L'Explication Prémisse
Cet article protège le conjoint contre les manœuvres de l’autre époux qui viseraient à soustraire des biens au patrimoine commun ou à diminuer la masse à partager sans son accord. Concrètement, lorsqu’un époux a donné un bien de son patrimoine sans le consentement de son conjoint, ou a cédé des biens de manière frauduleuse, la loi considère « fictivement » ces biens comme s’ils faisaient toujours partie du patrimoine d’origine : ils peuvent donc être repris en compte pour établir les droits du conjoint. De plus, si un époux cède un bien en échange d’une rente viagère ou le donne « à fonds perdu » sans le consentement du conjoint, cette opération est présumée faire tort aux droits du conjoint (présomption de fraude) — sauf si le conjoint a effectivement consenti.
Exemple concret : Paul vend sans en parler à Marie une maison héritée, en acceptant en contrepartie une rente viagère très basse versée par l’acheteur. Marie n’a pas donné son accord.
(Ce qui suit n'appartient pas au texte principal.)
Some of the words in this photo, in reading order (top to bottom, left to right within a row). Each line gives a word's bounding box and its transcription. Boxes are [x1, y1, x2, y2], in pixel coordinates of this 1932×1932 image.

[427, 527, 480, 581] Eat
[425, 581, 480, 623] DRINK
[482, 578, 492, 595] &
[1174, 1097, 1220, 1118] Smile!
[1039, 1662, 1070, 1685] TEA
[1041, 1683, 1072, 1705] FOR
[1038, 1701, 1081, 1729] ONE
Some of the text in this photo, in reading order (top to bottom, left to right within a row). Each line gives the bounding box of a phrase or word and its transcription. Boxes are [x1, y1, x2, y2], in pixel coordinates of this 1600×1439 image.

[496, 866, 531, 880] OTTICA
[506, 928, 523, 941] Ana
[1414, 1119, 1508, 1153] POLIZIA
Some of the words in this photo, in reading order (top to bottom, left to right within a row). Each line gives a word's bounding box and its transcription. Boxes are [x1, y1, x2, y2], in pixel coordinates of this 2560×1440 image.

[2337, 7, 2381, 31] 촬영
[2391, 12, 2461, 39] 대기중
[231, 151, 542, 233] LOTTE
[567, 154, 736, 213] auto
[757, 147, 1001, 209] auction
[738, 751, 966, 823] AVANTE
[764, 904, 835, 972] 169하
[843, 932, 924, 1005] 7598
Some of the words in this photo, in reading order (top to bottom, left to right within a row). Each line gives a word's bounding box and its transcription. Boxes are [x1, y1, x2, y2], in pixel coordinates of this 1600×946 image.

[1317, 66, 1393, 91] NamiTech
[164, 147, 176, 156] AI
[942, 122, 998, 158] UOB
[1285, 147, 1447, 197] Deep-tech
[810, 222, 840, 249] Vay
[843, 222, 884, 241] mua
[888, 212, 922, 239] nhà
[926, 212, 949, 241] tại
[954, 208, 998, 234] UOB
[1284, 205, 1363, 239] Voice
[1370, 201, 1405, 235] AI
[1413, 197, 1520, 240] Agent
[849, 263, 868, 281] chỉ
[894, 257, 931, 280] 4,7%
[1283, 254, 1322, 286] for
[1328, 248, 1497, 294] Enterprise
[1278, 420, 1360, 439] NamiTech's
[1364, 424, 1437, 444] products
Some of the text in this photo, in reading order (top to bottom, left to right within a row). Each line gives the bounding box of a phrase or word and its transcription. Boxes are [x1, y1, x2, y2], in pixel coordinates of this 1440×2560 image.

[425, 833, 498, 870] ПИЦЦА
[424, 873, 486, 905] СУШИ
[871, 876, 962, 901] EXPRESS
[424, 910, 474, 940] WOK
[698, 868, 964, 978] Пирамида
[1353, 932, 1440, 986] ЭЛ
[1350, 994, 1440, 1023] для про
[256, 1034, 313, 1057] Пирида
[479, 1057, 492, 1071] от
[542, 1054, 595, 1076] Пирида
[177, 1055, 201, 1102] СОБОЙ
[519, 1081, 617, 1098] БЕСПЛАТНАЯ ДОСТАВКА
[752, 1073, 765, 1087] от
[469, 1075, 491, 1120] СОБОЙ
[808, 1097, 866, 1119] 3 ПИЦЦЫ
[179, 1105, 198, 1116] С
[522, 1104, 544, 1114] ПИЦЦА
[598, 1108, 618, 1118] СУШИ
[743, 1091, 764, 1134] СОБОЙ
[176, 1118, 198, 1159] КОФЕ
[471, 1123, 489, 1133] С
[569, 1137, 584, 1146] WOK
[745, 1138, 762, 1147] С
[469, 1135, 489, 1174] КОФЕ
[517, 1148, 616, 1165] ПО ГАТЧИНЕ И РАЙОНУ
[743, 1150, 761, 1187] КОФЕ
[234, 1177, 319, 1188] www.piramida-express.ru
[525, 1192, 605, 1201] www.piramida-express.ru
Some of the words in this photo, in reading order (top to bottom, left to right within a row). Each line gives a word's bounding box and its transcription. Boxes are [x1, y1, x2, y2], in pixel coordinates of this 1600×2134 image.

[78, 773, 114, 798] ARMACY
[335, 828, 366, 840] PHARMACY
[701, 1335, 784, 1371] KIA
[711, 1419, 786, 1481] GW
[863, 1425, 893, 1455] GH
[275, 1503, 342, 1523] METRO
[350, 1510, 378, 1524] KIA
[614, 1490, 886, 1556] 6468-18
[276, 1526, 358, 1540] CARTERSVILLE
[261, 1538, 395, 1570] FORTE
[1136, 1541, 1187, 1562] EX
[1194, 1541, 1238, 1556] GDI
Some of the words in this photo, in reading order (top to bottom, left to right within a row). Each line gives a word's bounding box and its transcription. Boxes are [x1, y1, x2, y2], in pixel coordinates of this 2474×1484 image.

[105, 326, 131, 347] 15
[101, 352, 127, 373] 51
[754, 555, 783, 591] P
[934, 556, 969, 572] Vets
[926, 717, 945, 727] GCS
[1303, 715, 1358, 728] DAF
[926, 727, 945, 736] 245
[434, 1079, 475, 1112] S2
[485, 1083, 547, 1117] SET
En application de l’article 1573, la vente sera présumée faite en fraude des droits de Marie et la maison (ou son prix/value reconstituée) pourra être réintégrée « fictivement » dans le patrimoine pour calculer les droits de Marie lors du partage ou pour engager des actions visant à réparer la perte.
- But : protéger le conjoint contre les donations ou aliénations destinées à réduire sa part dans le patrimoine.
- Opérations visées : donations entre vifs faites sans le consentement du conjoint et aliénations frauduleuses.
- Effet juridique : les biens concernés sont « réunis fictivement » au patrimoine d’origine, c’est‑à‑dire considérés comme toujours présents pour déterminer les droits du conjoint.
- Présomption particulière : une aliénation à charge de rente viagère ou une cession « à fonds perdu » est présumée frauduleuse si le conjoint n’y a pas consenti.
- Conséquence de la présomption : c’est au bénéficiaire de l’acte (ou au débiteur) de rapporter la preuve contraire si l’on veut contester la fraude présumée; en l’absence de preuve, l’acte peut être réputé porter atteinte aux droits du conjoint.
- Limitation : l’article concerne des biens « existants » et des situations où le consentement du conjoint est requis ; le consentement met fin à la présomption.